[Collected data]
........

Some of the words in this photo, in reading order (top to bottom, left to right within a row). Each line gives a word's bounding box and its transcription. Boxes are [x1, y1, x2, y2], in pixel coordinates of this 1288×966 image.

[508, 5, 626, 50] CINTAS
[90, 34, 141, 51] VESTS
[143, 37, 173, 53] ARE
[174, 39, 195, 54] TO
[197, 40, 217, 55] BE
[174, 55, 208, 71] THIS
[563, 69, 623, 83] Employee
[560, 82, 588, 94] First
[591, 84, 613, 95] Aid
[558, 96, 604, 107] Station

........

• _What the task requires_: The answer must reproduce all of the entries exactly.

• _Result of this exercise_:
Some of the words in this photo, in reading order (top to bottom, left to right within a row). Each line gives a word's bounding box and its transcription. Boxes are [x1, y1, x2, y2], in pixel coordinates of this 1288×966 image.

[508, 5, 626, 50] CINTAS
[90, 34, 141, 51] VESTS
[143, 37, 173, 53] ARE
[174, 39, 195, 54] TO
[197, 40, 217, 55] BE
[174, 55, 208, 71] THIS
[563, 69, 623, 83] Employee
[560, 82, 588, 94] First
[591, 84, 613, 95] Aid
[558, 96, 604, 107] Station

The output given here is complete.